[Phrase grounding data]
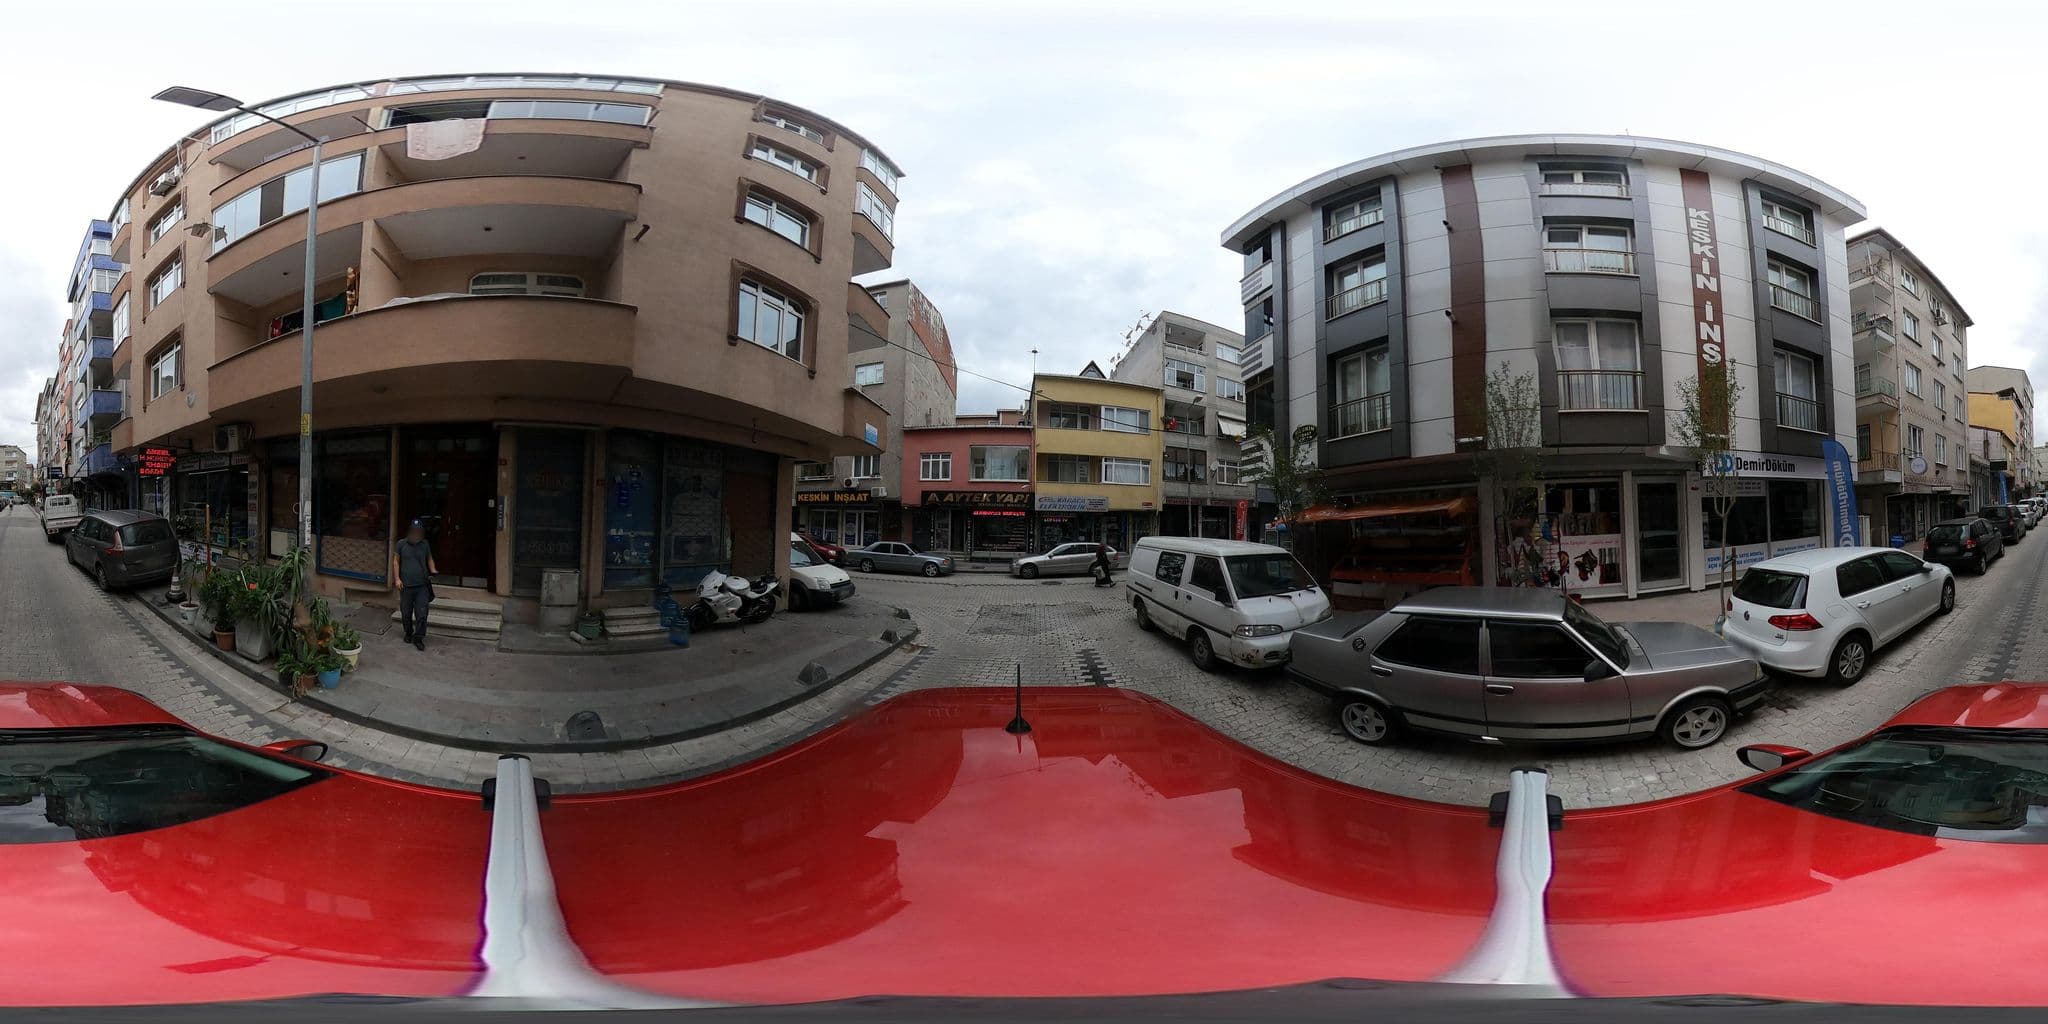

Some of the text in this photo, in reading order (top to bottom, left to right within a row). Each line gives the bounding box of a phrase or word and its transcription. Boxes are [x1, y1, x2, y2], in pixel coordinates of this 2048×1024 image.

[1736, 457, 1796, 473] DemirDöküm
[798, 491, 869, 504] KESKİN İNŞAAT
[943, 493, 993, 503] AYTEK
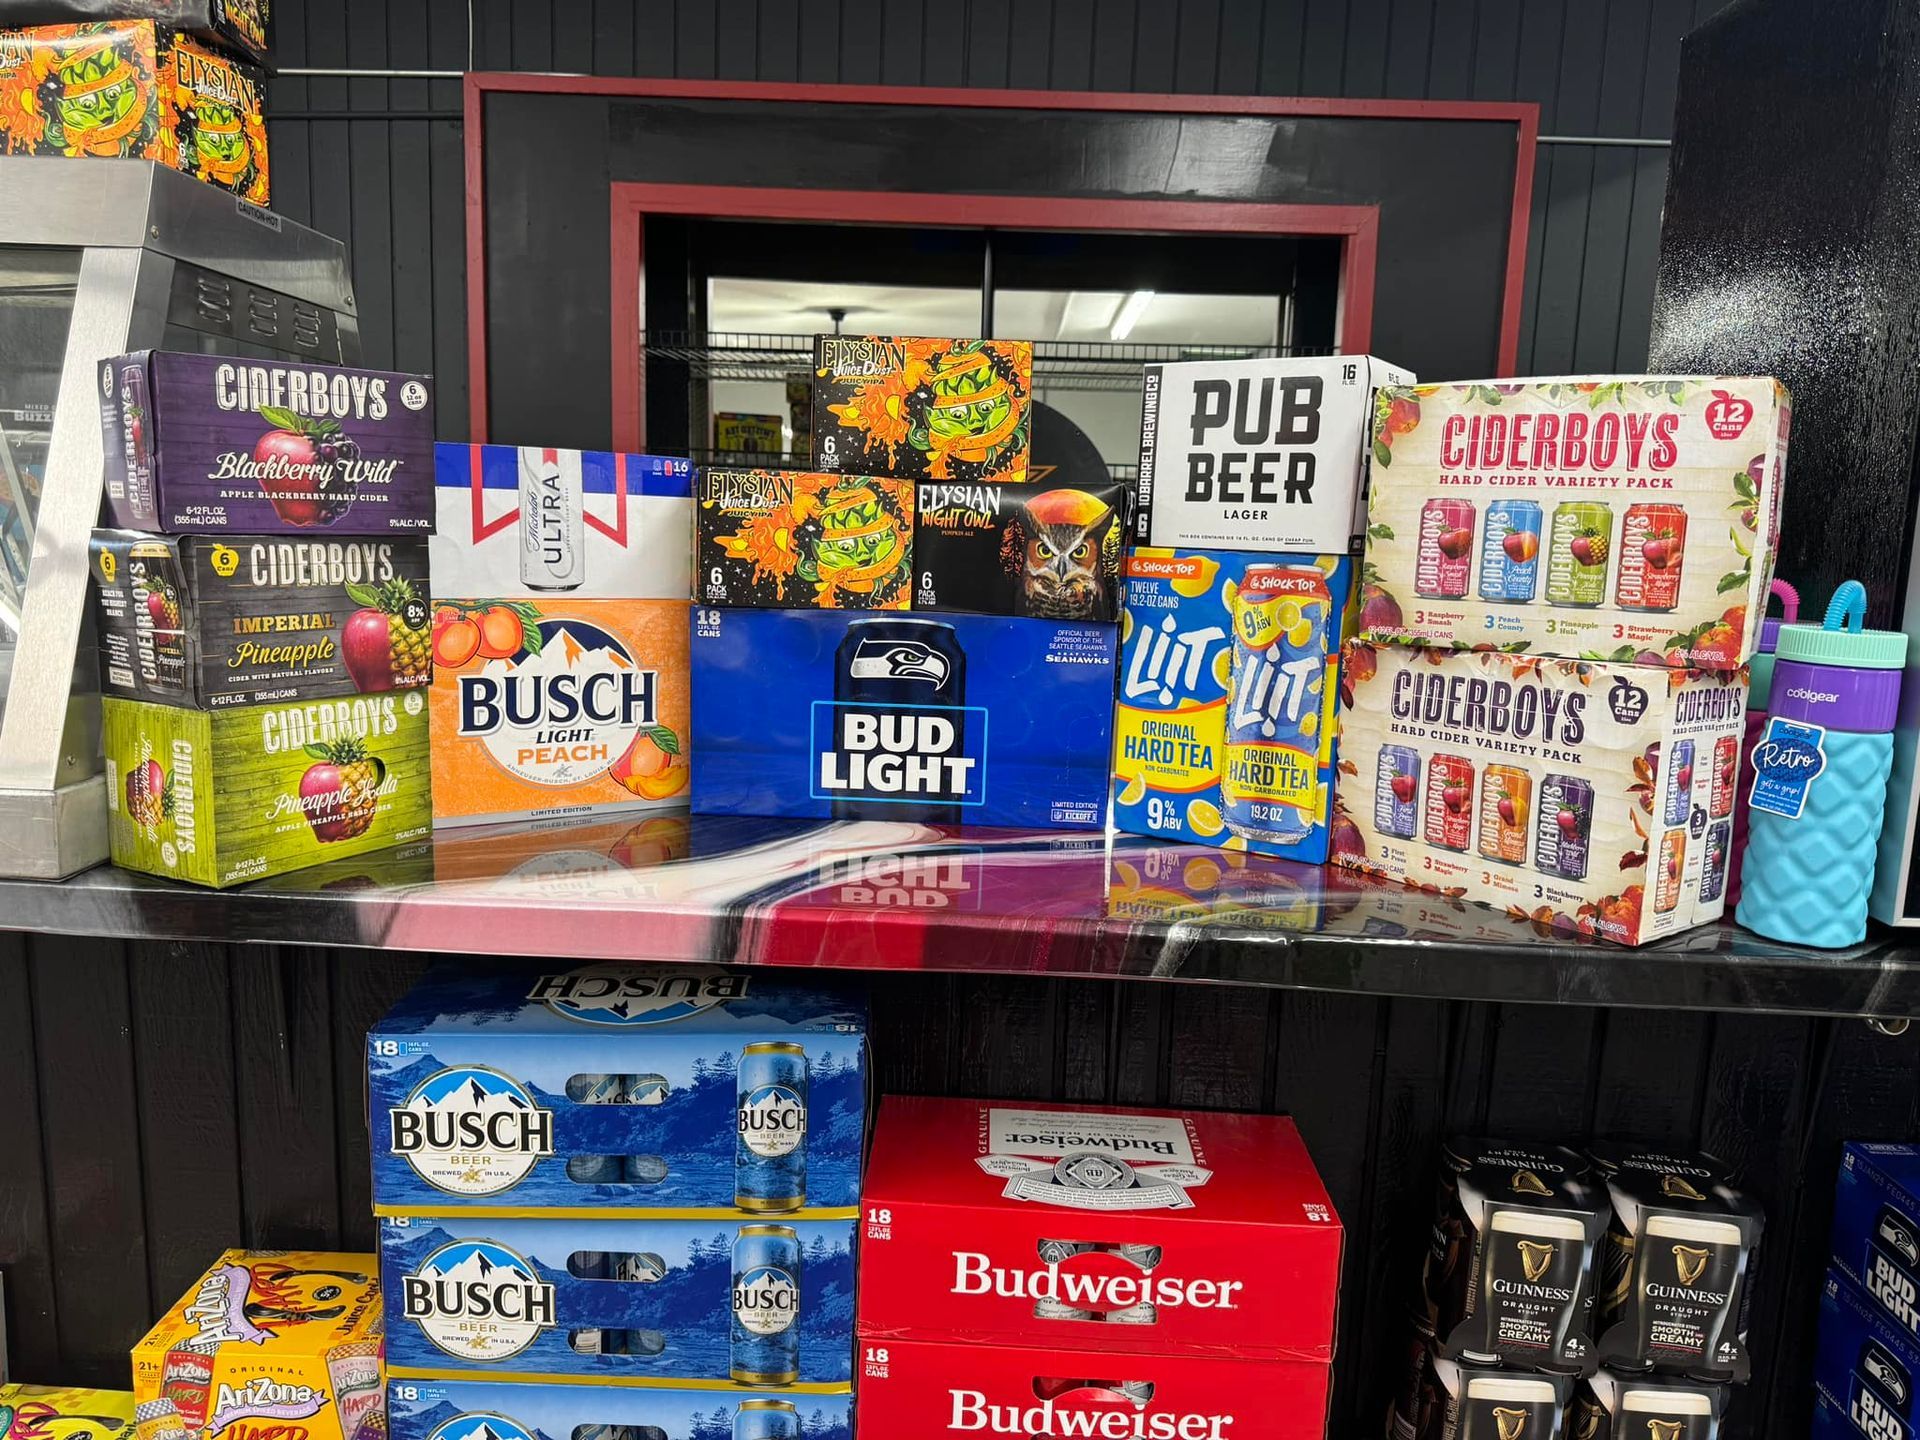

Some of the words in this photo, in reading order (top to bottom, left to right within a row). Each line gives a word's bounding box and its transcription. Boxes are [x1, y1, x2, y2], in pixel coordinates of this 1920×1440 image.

:: What you should do ::
Copy every record character for character. Skip the pictures.

:: Solution to the exercise ::
Some of the text in this photo, in reading order (top to bottom, left to right within a row). Each line gives the bounding box of a phrase or word and its transcription. Boxes are [x1, y1, x2, y2], in pixel coordinates of this 2048×1024 image.

[1736, 457, 1796, 473] DemirDöküm
[798, 491, 869, 504] KESKİN İNŞAAT
[943, 493, 993, 503] AYTEK

Some of the words in this photo, in reading order (top to bottom, left to right within a row). Each line gives a word's bounding box and its transcription. Boxes are [x1, y1, x2, y2], in pixel coordinates of this 1920×1440 image.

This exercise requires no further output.